History

England
- Name: Hope
- Builder: Deptford Dockyard
- Renamed: Assurance in 1604
- Fate: Sold 1645

General characteristics as built
- Class & type: Galleon
- Tons burthen: 403
- Length: 94 ft (29 m) (keel)
- Beam: 33 ft (10 m)
- Depth of hold: 13 ft (4.0 m)
- Armament: 30 guns

General characteristics after 1603-04 rebuild
- Class & type: 34-gun great ship
- Tons burthen: 451
- Length: 95 ft (29 m) (keel)
- Beam: 33 ft (10 m)
- Depth of hold: 14 ft 6 in (4.42 m)
- Sail plan: Full-rigged ship
- Complement: 250 (1633)
- Armament: 34 carriage guns of various weights of shot, plus 4 smaller weapons

= English ship Hope (1559) =

Hope was a galleon of the English navy, built in 1559. She was rebuilt in 1583 "into the form of a galleass", and then again rebuilt from 1603 to 1604 when she was renamed Assurance.

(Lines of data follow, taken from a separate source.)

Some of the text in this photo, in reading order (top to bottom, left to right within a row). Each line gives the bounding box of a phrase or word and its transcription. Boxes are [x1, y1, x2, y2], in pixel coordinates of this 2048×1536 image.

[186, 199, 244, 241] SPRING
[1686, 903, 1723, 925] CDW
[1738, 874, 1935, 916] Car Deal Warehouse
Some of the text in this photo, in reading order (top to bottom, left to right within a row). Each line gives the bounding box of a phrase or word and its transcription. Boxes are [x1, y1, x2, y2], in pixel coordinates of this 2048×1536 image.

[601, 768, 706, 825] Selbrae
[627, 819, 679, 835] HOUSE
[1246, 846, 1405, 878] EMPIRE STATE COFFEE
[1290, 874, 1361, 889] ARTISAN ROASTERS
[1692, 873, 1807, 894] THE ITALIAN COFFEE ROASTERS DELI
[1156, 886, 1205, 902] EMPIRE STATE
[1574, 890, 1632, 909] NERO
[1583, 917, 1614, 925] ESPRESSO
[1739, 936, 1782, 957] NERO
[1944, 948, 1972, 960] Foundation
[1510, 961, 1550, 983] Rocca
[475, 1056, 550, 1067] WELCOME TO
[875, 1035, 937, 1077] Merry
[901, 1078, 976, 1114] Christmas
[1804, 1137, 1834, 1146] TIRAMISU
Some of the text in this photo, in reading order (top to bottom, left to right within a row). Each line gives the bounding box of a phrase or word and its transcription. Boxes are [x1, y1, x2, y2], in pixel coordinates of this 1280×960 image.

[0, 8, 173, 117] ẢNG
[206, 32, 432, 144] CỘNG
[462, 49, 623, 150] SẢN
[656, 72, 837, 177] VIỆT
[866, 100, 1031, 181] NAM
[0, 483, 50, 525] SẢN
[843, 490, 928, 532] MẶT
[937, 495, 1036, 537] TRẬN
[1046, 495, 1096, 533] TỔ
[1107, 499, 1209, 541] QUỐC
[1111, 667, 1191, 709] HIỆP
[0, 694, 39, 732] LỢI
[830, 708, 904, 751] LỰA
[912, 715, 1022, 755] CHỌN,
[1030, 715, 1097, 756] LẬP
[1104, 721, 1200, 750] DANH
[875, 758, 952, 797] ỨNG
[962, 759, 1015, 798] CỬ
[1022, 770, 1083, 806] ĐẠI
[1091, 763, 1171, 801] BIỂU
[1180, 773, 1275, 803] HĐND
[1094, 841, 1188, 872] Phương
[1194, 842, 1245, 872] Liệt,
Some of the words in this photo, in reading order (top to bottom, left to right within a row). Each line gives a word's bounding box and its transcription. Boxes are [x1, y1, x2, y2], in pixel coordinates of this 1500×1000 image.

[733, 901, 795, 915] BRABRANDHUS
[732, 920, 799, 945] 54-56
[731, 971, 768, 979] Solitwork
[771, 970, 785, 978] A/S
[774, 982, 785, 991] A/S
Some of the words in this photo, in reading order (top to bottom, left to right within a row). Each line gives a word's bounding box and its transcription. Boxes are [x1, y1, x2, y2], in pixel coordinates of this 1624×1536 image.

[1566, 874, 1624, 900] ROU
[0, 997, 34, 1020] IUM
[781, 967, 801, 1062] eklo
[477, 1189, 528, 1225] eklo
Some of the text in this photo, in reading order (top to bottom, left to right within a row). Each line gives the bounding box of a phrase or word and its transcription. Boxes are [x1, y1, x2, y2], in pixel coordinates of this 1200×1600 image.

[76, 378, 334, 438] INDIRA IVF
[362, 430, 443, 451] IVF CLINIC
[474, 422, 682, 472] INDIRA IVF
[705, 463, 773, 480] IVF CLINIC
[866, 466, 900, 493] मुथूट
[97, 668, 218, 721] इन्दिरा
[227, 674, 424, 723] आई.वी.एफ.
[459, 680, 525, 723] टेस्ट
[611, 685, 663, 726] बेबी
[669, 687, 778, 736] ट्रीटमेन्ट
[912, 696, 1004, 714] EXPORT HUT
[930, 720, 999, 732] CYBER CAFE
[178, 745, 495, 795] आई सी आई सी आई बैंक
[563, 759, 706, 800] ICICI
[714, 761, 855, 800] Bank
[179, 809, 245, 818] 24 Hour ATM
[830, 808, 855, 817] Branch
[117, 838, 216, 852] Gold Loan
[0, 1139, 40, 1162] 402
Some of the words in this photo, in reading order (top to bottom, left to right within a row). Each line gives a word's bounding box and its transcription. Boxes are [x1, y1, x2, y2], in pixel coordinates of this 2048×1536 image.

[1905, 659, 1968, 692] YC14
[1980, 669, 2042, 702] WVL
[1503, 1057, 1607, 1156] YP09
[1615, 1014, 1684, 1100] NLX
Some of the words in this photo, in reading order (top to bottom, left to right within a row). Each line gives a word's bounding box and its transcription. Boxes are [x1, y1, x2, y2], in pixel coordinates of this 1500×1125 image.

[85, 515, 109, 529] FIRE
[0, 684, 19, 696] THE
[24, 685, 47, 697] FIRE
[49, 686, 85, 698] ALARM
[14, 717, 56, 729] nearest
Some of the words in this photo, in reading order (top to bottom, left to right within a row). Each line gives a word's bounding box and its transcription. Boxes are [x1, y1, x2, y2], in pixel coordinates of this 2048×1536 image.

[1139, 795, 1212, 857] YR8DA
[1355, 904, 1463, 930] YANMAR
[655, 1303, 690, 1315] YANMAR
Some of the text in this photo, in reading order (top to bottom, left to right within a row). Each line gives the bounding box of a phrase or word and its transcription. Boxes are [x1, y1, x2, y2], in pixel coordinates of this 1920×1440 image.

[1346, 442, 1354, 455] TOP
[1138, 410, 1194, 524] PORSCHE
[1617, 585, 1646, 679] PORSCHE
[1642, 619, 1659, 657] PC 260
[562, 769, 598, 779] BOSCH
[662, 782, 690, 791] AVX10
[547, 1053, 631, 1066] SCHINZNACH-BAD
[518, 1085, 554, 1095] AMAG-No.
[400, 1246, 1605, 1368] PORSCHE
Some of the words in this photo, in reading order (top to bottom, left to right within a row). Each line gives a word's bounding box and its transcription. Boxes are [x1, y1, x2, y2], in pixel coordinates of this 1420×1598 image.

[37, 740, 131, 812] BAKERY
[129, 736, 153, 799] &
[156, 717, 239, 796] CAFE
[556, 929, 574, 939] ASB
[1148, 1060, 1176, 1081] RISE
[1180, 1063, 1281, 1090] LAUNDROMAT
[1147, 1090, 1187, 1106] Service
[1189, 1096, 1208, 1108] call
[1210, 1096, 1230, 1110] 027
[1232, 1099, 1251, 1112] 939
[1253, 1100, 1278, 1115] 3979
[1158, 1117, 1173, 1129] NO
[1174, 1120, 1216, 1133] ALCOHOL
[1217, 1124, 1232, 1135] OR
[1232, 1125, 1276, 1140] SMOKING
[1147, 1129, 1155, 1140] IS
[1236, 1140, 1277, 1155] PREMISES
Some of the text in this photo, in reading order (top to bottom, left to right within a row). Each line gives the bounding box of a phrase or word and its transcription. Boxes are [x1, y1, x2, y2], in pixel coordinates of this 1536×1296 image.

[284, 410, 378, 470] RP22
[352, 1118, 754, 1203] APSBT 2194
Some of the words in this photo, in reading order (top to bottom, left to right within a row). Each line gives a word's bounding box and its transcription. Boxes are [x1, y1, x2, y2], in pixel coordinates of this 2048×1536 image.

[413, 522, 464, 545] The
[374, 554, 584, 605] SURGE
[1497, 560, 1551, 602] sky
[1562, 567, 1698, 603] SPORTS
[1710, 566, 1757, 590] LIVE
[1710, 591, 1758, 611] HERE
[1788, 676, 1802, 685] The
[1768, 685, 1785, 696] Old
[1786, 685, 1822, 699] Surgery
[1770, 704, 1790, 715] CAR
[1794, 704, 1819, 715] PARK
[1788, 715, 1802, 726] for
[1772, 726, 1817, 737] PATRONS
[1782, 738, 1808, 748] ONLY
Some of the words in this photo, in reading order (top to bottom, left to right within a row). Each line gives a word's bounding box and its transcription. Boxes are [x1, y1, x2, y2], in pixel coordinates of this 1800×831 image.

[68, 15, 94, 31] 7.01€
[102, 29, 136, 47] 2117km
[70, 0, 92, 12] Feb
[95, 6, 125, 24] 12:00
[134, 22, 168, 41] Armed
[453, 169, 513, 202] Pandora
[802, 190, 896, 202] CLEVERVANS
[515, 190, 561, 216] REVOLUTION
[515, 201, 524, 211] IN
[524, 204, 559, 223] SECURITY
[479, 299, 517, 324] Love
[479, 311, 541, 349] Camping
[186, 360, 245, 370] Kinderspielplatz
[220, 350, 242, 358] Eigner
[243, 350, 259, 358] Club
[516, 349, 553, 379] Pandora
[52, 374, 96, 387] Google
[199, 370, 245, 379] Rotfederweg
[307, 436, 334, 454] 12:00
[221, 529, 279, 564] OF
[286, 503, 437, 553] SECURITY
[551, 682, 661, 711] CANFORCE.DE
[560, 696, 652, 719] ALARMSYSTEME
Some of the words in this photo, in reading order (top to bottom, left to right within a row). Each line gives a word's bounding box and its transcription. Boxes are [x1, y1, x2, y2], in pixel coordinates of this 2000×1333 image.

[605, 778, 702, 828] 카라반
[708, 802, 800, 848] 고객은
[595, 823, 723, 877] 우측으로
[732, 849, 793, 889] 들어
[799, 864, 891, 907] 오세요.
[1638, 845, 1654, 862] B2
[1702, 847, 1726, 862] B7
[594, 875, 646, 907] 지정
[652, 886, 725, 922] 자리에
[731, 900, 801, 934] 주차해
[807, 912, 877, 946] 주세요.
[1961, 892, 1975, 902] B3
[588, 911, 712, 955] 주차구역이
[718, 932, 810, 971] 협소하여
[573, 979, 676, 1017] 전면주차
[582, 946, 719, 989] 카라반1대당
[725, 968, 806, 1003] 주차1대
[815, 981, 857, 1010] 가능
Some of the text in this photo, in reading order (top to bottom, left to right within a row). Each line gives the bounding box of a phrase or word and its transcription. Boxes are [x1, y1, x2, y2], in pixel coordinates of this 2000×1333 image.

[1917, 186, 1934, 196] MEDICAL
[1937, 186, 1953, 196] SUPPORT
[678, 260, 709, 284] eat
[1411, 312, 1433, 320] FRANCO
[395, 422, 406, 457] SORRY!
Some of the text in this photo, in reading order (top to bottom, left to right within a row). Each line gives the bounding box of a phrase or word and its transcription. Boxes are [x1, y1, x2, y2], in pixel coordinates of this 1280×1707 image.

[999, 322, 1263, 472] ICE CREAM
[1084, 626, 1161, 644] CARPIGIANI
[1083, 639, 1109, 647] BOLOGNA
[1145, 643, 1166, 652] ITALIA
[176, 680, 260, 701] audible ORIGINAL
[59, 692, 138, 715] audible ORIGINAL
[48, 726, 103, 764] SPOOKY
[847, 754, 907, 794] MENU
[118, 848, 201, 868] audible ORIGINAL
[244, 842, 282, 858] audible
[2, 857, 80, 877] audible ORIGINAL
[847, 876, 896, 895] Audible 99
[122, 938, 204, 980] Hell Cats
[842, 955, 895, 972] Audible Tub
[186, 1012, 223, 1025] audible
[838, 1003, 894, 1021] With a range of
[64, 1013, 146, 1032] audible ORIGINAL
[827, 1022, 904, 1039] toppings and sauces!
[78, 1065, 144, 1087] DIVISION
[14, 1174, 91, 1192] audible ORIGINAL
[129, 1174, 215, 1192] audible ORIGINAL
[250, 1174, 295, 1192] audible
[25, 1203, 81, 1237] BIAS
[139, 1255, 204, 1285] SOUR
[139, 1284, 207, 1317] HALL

Following her first rebuilding, she was mentioned in the Paris archives as part of Elizabeth I's fleet in 1588 in A Statement of the two fleets possessed by the Queen of England, with numbers and names of the ships, in which she was listed as "400 tons, 17 pieces each side, four pieces at the prow and the same at the stern." Her complement was 250 comprising 150 mariners, 30 gunners and 70 soldiers. The ship was under the command of Drake in 1588 - "Drake has also six large ships of the Queen's, namely :—the Revenge, the Hope, the Nonpareil, the Swiftsure, the Aid and the Advice, with 45 of the best merchant ships they could select, at the Isle of Wight." In October 1602 as part of Sir Robert Mansell's small fleet he intercepted and with the help of Dutch warships defeated six Spanish galleys in a battle in the Dover Straits.

In 1603-04 she was rebuilt a second time as a great ship (or second rank), and renamed Assurance. Now of 451 tons, she carried 34 primary guns (2 cannon periers, 10 culverins, 12 demi-culverins and 10 sakers) and 4 smaller and more anti-personnel weapons (fowlers).

She was sold out of the navy in late 1645.